SQL Server Tips by Donald Burleson


This is one of the many SQL Server scripts to display SQL Server RAM memory from the book "High Performance SQL Server DBA".

SQL Server has offered dynamic memory management since version 7.0.  This means the DBA can turn loose the reins and let SQL Server determine workload demands and adjust memory accordingly, with one eye always on overall server memory utilization, in order to keep performance high.  The basic memory regions SQL Server uses are the database or buffer cache , the plan cache , referred to in older versions as the procedure cache , and workspace memory . 

The database cache holds 8KB pages that contain database information.  SQL Server attempts to eliminate seldom-used pages from the database cache so room is left for often-referenced data. 

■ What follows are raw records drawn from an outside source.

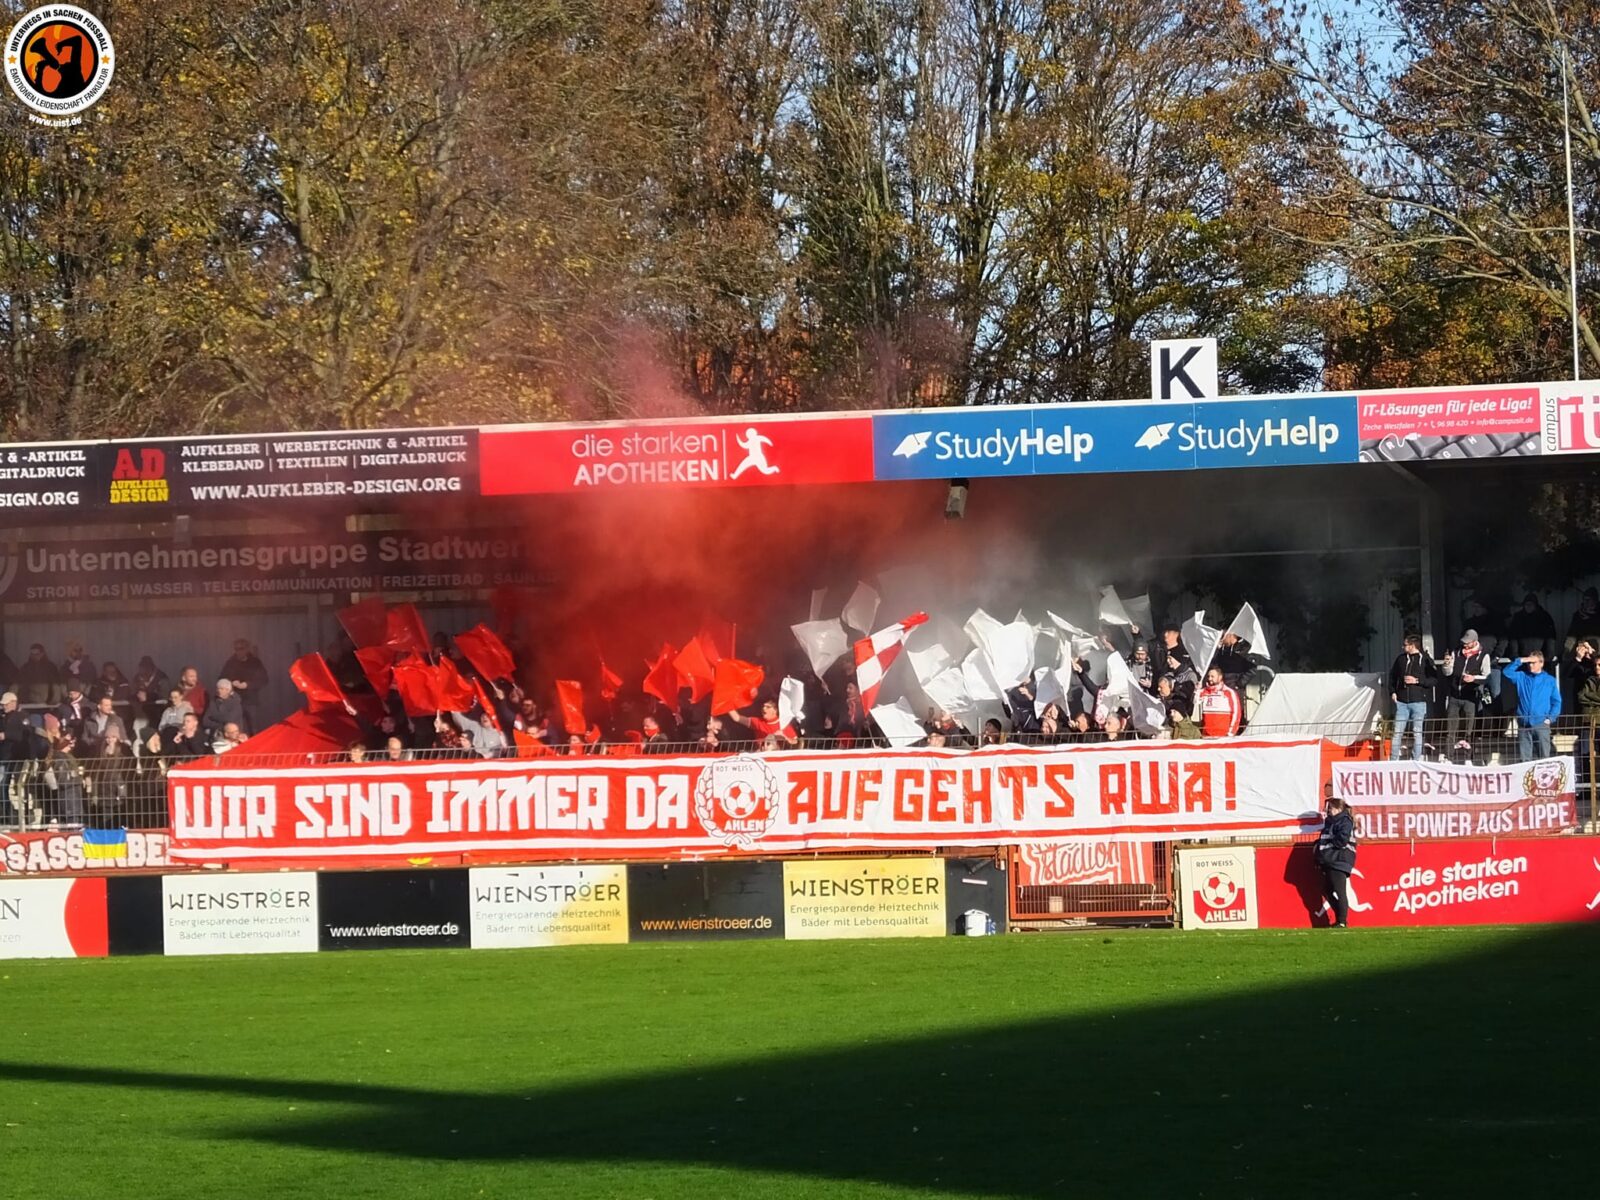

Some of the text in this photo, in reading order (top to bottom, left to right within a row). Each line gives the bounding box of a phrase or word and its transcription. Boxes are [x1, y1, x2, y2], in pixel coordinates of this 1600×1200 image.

[1160, 346, 1206, 400] K
[1362, 396, 1533, 418] IT-Lösungen für jede Liga!
[1177, 416, 1340, 456] StudyHelp
[1545, 397, 1559, 452] campus
[181, 435, 468, 457] AUFKLEBER WERBETECHNIK & -ARTIKEL
[572, 430, 718, 458] die starken
[935, 424, 1094, 463] StudyHelp
[8, 452, 18, 463] &
[22, 450, 86, 462] -ARTIKEL
[182, 451, 467, 473] KLEBEBAND TEXTILIEN DIGITALDRUCK
[110, 479, 167, 489] AUFKLEBER
[574, 459, 719, 486] APOTHEKEN
[110, 487, 169, 504] DESIGN
[191, 477, 461, 500] WWW.AUFKLEBER-DESIGN.ORG
[26, 543, 368, 573] Unternehmensgruppe
[27, 586, 79, 599] STROM
[90, 584, 120, 597] GAS
[130, 582, 193, 596] WASSER
[203, 576, 372, 593] TELEKOMMUNIKATION
[383, 574, 483, 588] FREIZEITBAD
[1340, 770, 1512, 796] KEIN WEG ZU WEIT
[174, 785, 277, 839] WIR
[295, 782, 411, 839] SIND
[426, 775, 608, 833] IMMER
[626, 774, 688, 830] DA
[724, 819, 765, 831] AHLEN
[1354, 801, 1570, 839] OLLE POWER AUS LIPPE
[1442, 856, 1527, 884] starken
[476, 881, 620, 903] WIENSTRÖER
[790, 874, 939, 897] WIENSTRÖER
[1393, 879, 1519, 914] Apotheken
[169, 888, 310, 910] WIENSTRÖER
[790, 902, 939, 915] Energiesparende Heiztechnik
[641, 915, 772, 931] www.wienstroeer.de
[801, 915, 929, 927] Bäder mit Lebensqualität
[1205, 909, 1246, 922] AHLEN
[330, 922, 459, 937] www.wienstroeer.de

As has already been mentioned, the plan cache holds compiled and executable plans for both code objects (procedures, etc.) and ad-hoc queries. 

Workspace memory is sometimes required for database requests that require hashing or sorting operations.  There are also miscellaneous areas of memory used for locking and such. 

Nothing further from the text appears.